■ What you have to do ■
Exactly the lines from the line containing "this 1200×1600 image." through the last line of the entries below should appear in the answer, reproduced verbatim.

Dataset entries
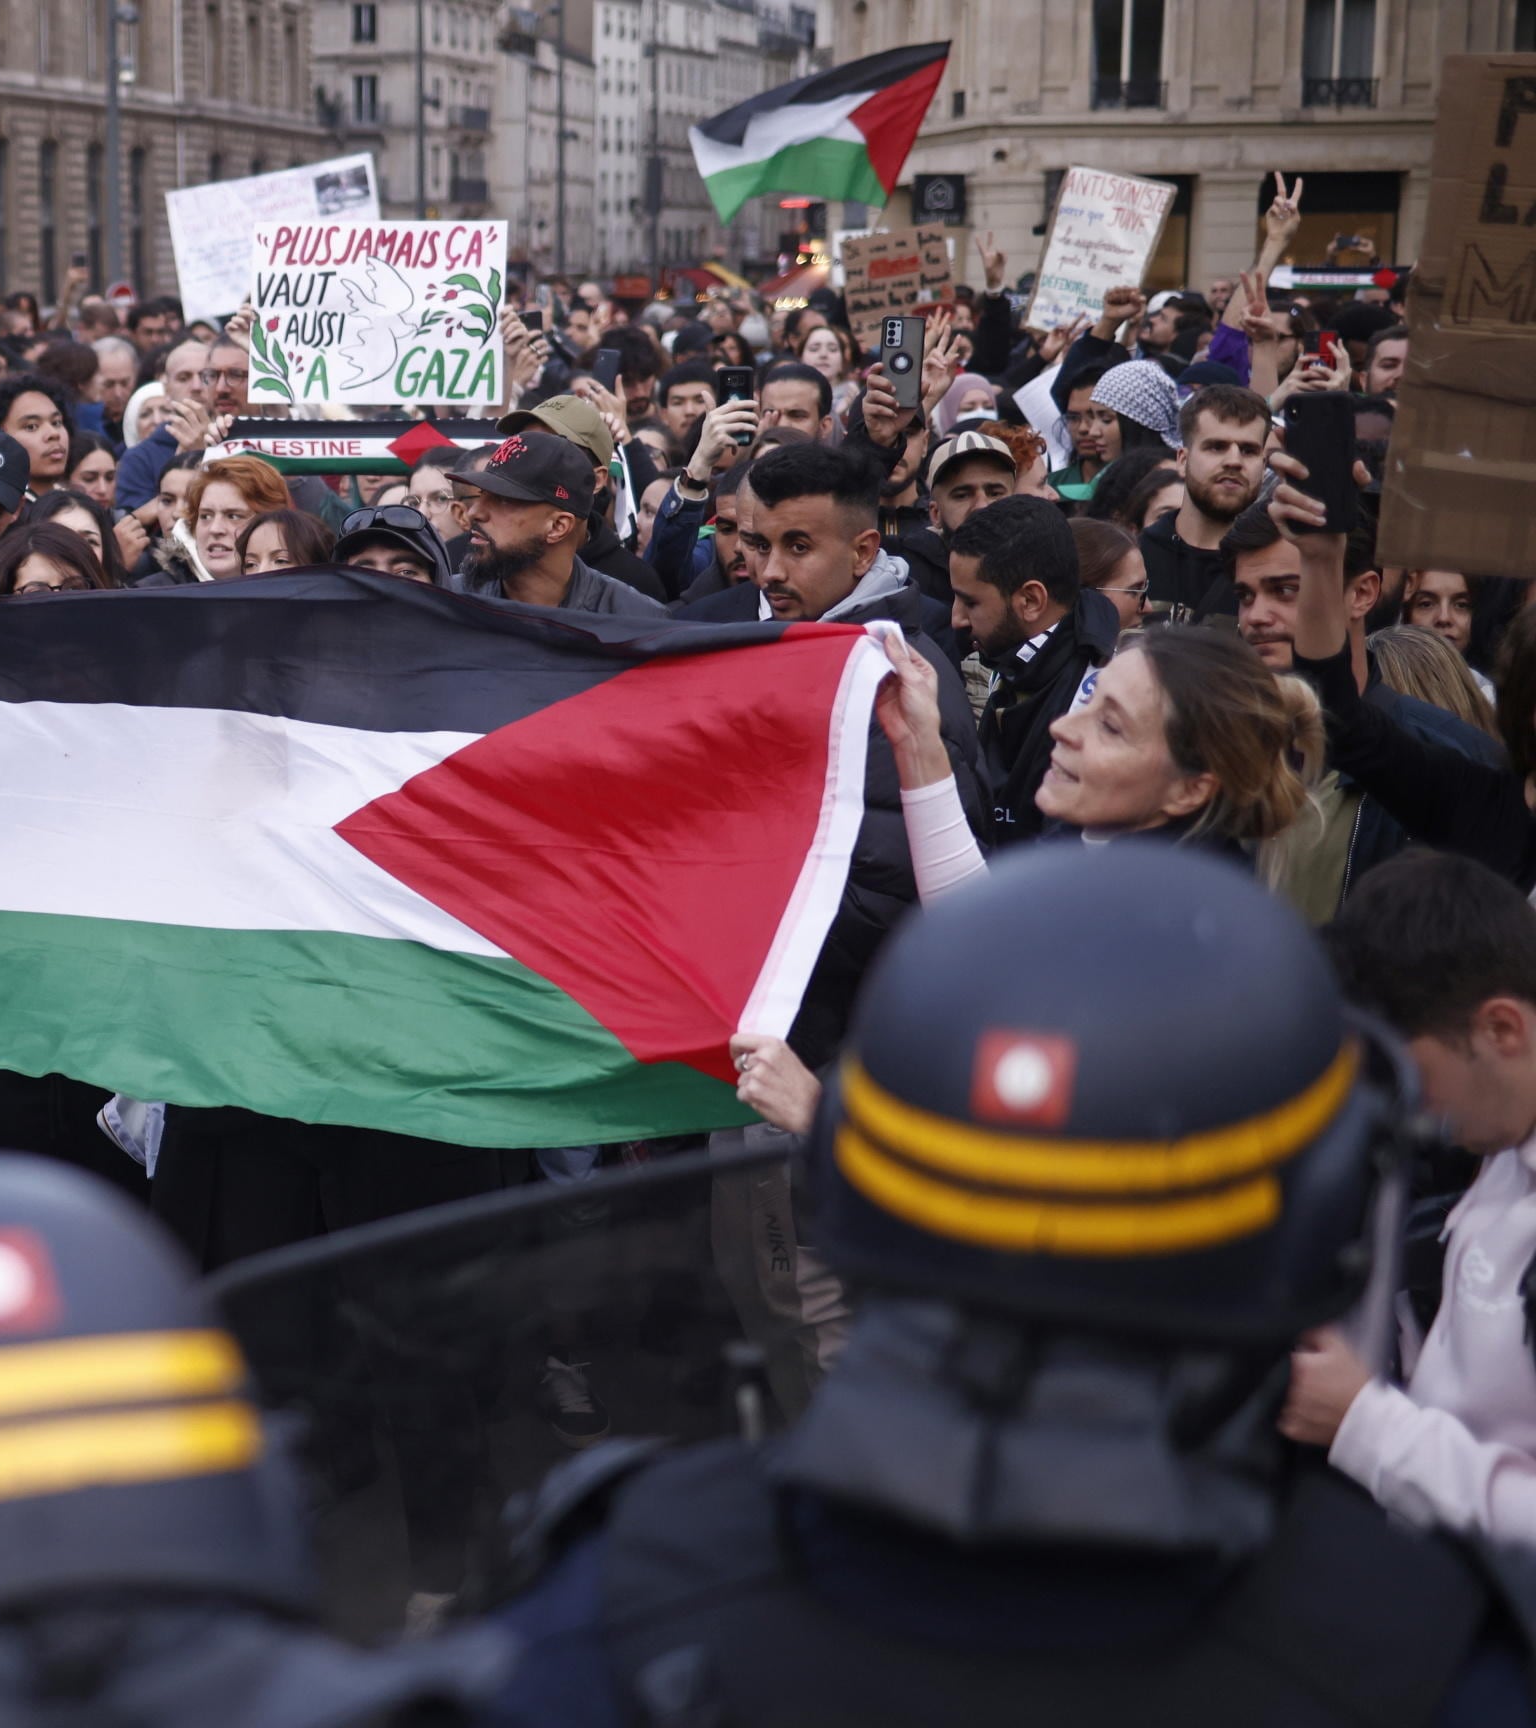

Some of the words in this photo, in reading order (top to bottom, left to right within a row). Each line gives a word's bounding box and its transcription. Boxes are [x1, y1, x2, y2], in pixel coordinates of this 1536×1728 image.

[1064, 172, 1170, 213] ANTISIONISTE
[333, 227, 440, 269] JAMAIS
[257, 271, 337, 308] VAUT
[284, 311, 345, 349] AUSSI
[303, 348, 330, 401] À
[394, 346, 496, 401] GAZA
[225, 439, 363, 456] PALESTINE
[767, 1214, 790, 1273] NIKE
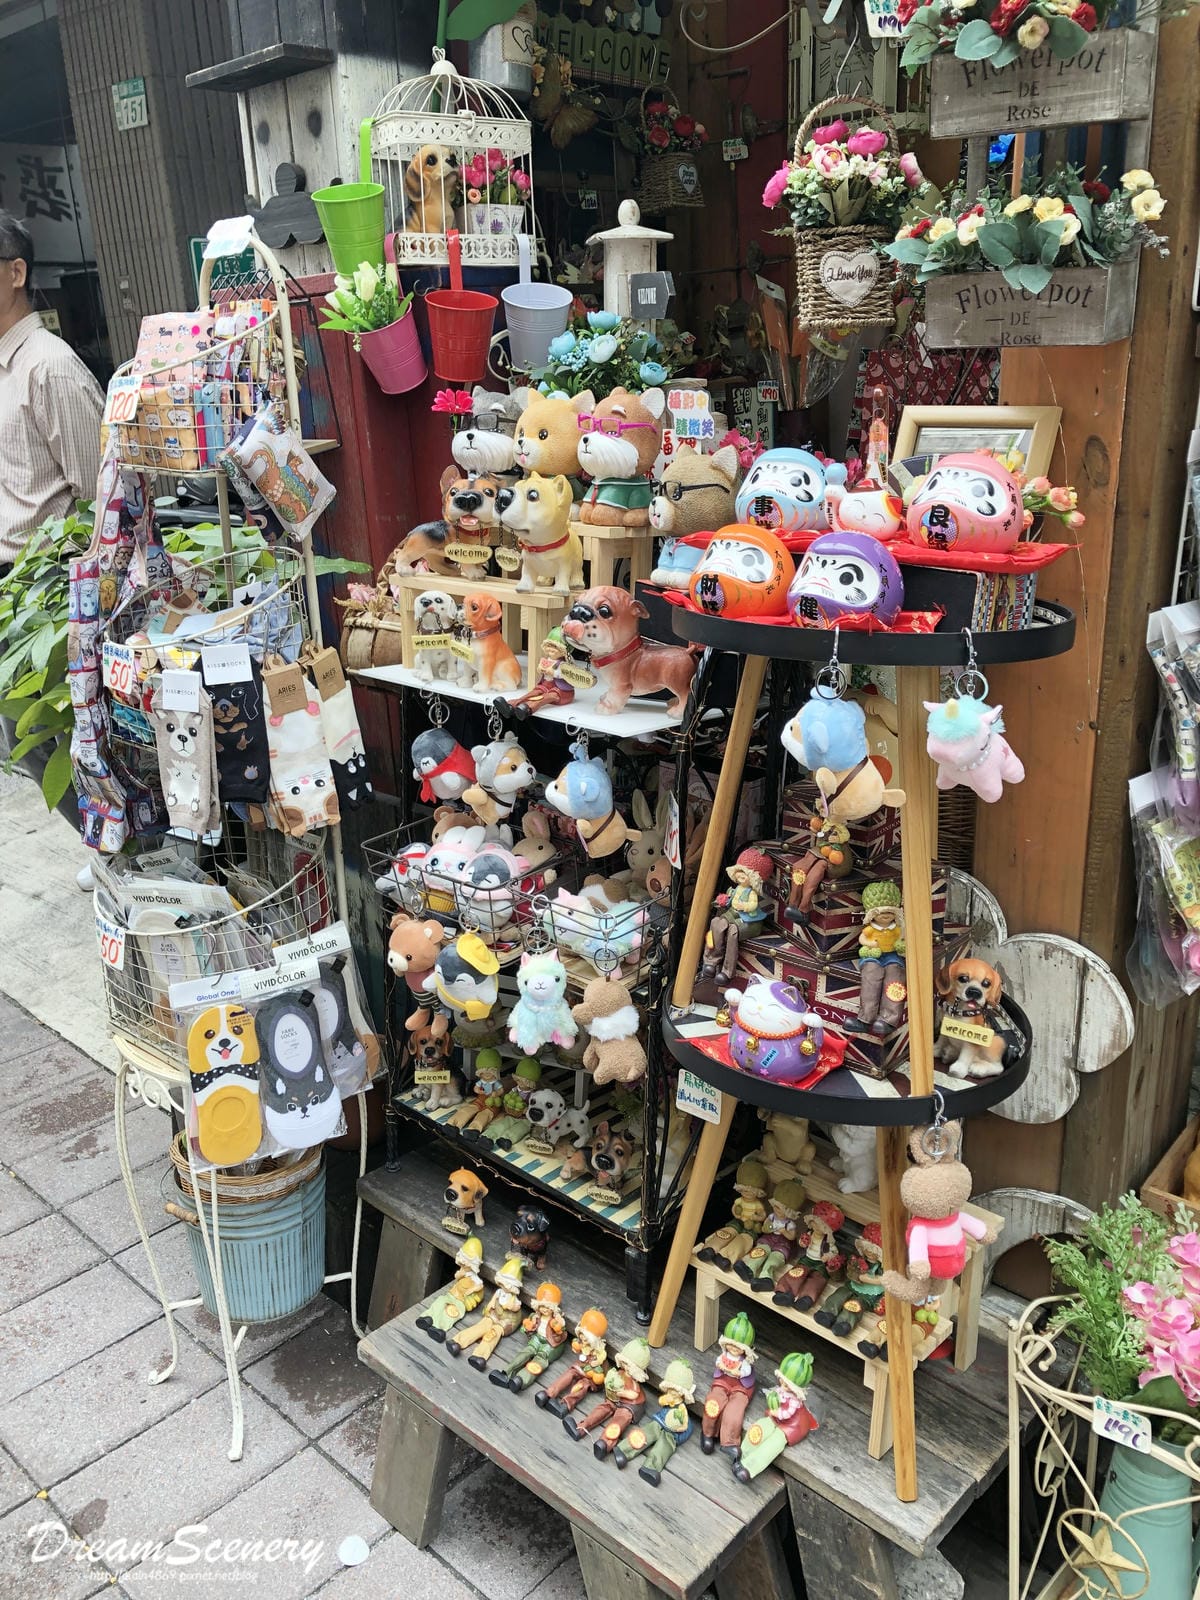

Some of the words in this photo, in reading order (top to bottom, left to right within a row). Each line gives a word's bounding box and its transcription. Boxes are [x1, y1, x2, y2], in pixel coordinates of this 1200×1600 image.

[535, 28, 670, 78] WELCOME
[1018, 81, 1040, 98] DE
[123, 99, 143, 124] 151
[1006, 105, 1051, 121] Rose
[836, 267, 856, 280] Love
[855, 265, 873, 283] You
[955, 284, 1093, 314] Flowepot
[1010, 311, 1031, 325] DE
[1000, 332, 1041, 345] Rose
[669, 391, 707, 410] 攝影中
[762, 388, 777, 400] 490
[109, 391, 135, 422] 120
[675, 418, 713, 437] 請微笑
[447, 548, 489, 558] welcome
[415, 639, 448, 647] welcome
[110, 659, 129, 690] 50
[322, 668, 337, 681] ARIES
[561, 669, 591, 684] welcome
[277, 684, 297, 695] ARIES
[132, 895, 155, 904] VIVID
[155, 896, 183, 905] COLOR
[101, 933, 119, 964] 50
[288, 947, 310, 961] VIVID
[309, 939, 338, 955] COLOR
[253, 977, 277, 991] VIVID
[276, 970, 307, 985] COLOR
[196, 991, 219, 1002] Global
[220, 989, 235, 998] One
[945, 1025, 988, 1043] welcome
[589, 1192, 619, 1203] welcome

■ Problem solution ■
Some of the words in this photo, in reading order (top to bottom, left to right within a row). Each line gives a word's bounding box and its transcription. Boxes are [x1, y1, x2, y2], in pixel coordinates of this 1200×1600 image.

[535, 28, 670, 78] WELCOME
[1018, 81, 1040, 98] DE
[123, 99, 143, 124] 151
[1006, 105, 1051, 121] Rose
[836, 267, 856, 280] Love
[855, 265, 873, 283] You
[955, 284, 1093, 314] Flowepot
[1010, 311, 1031, 325] DE
[1000, 332, 1041, 345] Rose
[669, 391, 707, 410] 攝影中
[762, 388, 777, 400] 490
[109, 391, 135, 422] 120
[675, 418, 713, 437] 請微笑
[447, 548, 489, 558] welcome
[415, 639, 448, 647] welcome
[110, 659, 129, 690] 50
[322, 668, 337, 681] ARIES
[561, 669, 591, 684] welcome
[277, 684, 297, 695] ARIES
[132, 895, 155, 904] VIVID
[155, 896, 183, 905] COLOR
[101, 933, 119, 964] 50
[288, 947, 310, 961] VIVID
[309, 939, 338, 955] COLOR
[253, 977, 277, 991] VIVID
[276, 970, 307, 985] COLOR
[196, 991, 219, 1002] Global
[220, 989, 235, 998] One
[945, 1025, 988, 1043] welcome
[589, 1192, 619, 1203] welcome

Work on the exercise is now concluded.